Attorney General Cuomo Announces $6.5 Million Insider Trading Settlement With Ubs Top Executive David Aufhauser

NEW YORK, NY (October 7, 2008) – Attorney General Andrew M. Cuomo today announced a $6.5 million settlement with David Aufhauser, a top executive at UBS, regarding his insider trading of auction rate securities.  Today’s agreement will settle allegations that Aufhauser, former General Counsel of UBS AG and General Counsel of the Investment Bank at UBS AG, sold his personal holdings of auction rate securities after acquiring insider information about UBS’s collapsing auction rate securities market.

Under the agreement secured by Cuomo, Aufhauser will pay $6.5 million to New York State. The payment includes his 2008 UBS discretionary incentive compensation of $6,000,000 plus an additional $500,000 as civil penalties.

Aufhauser further agreed that for two years following the settlement:

  • Aufhauser shall not be employed by or associated with a broker dealer, investment advisor, hedge fund or other participant in the securities industry;
  • Aufhauser shall not serve as a director or officer of any public company;
  • Aufhauser shall not practice law in the State of New York.

“While thousands of UBS customers were kept in the dark as the auction rate market began to collapse,  David Aufhauser, one of the company’s top executives, acquired insider information and quietly dumped his personal holdings of auction rate securities,” said Attorney General Andrew Cuomo. “Today’s settlement ought to serve as a reminder to corporate insiders that they’re not above the law and self-dealing in the form of trading on material, non-public information will not go unpunished.”

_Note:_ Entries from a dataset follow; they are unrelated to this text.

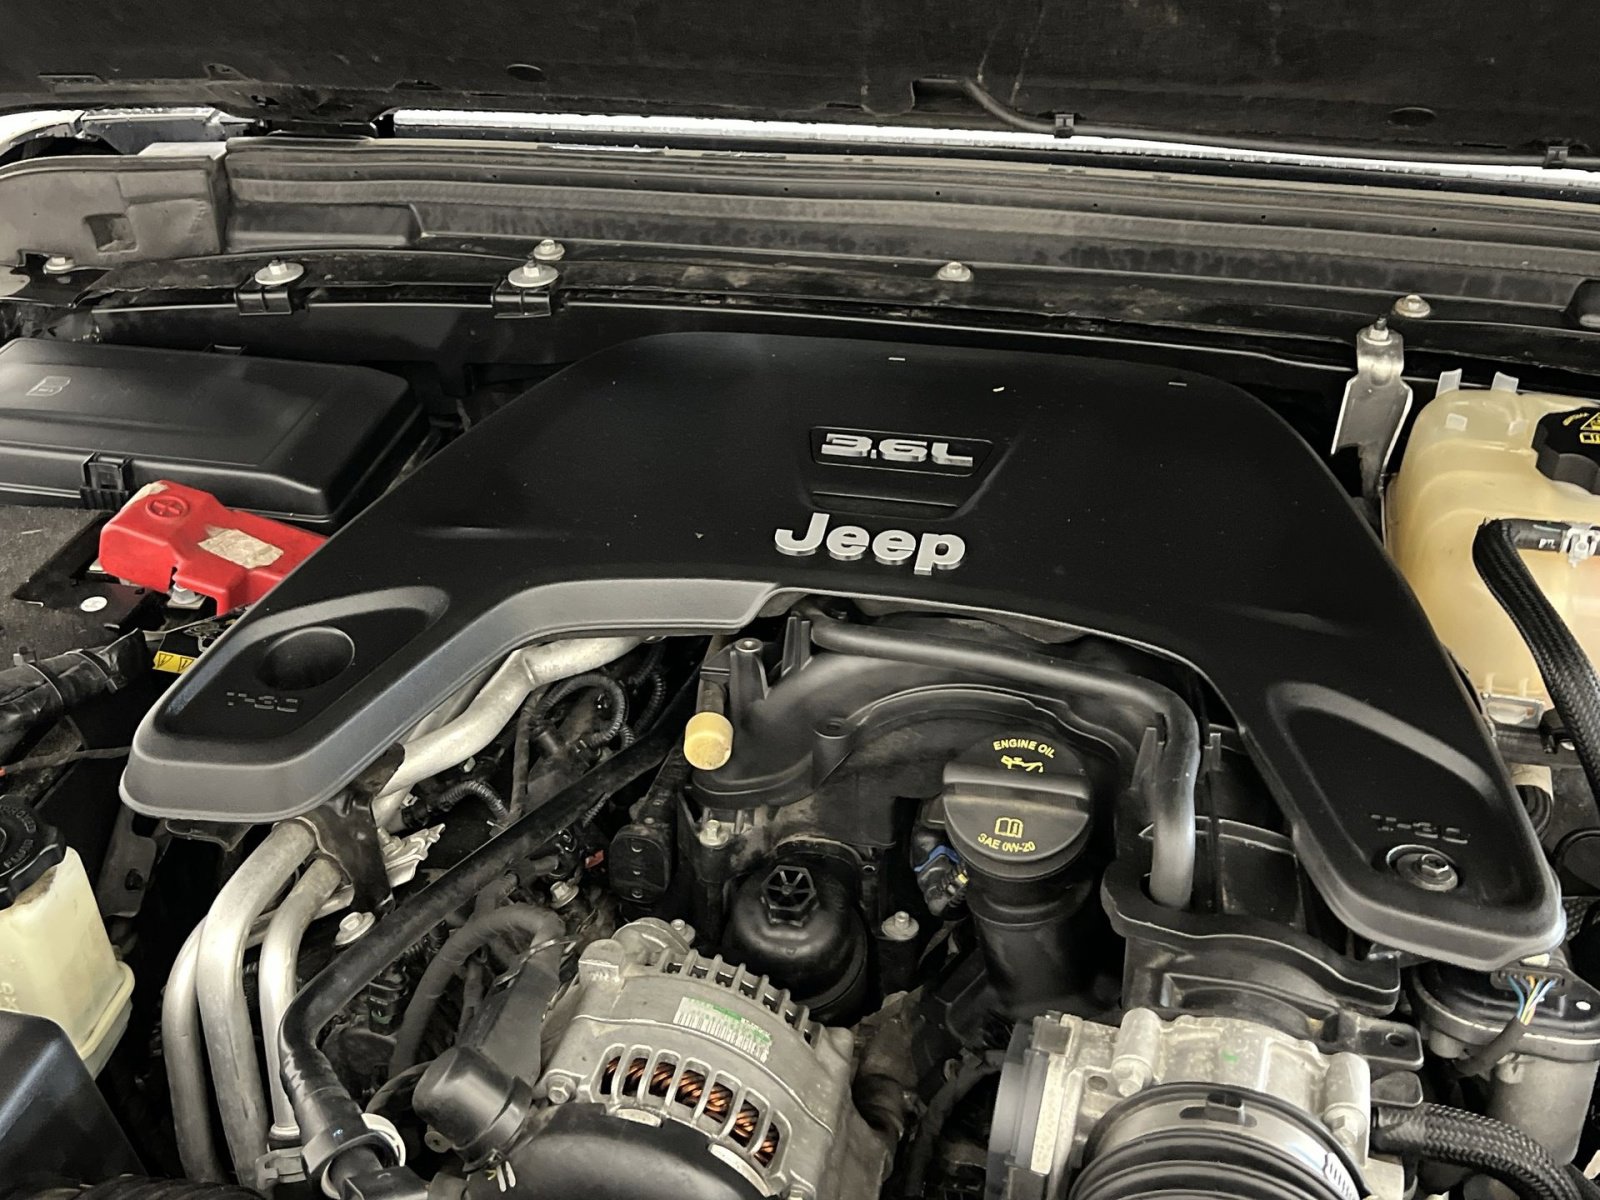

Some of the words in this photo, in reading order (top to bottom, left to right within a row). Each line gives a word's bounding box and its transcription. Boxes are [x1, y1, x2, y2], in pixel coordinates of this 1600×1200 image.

[821, 433, 973, 467] 3.6L
[774, 512, 966, 576] Jeep
[993, 739, 1037, 751] ENGINE
[1037, 744, 1055, 759] OIL
[977, 833, 1000, 850] SAE

In April 2008, Cuomo began to investigate UBS Securities LLC and UBS Financial Services, Inc. (UBS) in connection with the sale and marketing of auction rate securities and subsequently commenced an investigation, among other things, into Aufhauser’s personal trading of auction rate securities. 

Aufhauser, one of UBS’s most senior lawyers from September 2004 to August 2008, sold his personal holdings of auction rate securities minutes after learning material, non-public information.  Specifically, while traveling on the Amtrak Acela train from New York to Washington in the early evening hours of Friday, December 14, 2007, Aufhauser opened an e-mail sent earlier in the day by UBS’s Chief Risk Officer containing material, non-public information concerning UBS’s position and intentions in the auction rate securities market.    In the e-mail, the Chief Risk Officer outlined a series of grave problems with respect to UBS’s auction rate securities market. 

Upon reading the December 14, 2007 e-mail on the train, Aufhauser immediately forwarded it to two other UBS lawyers requesting that a meeting be arranged to discuss these issues.  A few minutes later, while still on the train, Aufhauser e-mailed his financial advisor directing his financial advisor to sell all of his auction rate securities.  Aufhauser instructed his financial adviser: “I want to get out of arcs [auction rate certificates].  Let’s talk on Monday.”

On Monday, December 17, 2007, Aufhauser reiterated his instruction to his broker to sell his auction rate securities, and his broker then sold Aufhauser’s $250,000 worth of auction rate securities on December 18 and 21, 2007.

Aufhauser’s trading and conduct violated Section 352-c of the General Business Law.  Aufhauser committed fraud in connection with a securities transaction by misappropriating confidential information for securities trading purposes in breach of a duty owned to the source of the information.

Today’s settlement follows landmark settlements with ten broker-dealers providing for approximately $50 billion in buybacks of auction rate securities.  Cuomo’s auction rate securities investigation is continuing.

Assistant Attorneys General Pamela Mahon, Christopher Mulvihill and Ethan Zlotchew, conducted the David Aufhauser investigation under the supervision of David A. Markowitz, Chief of the Investor Protection Bureau, and Eric Corngold, Executive Deputy Attorney General for Economic Justice.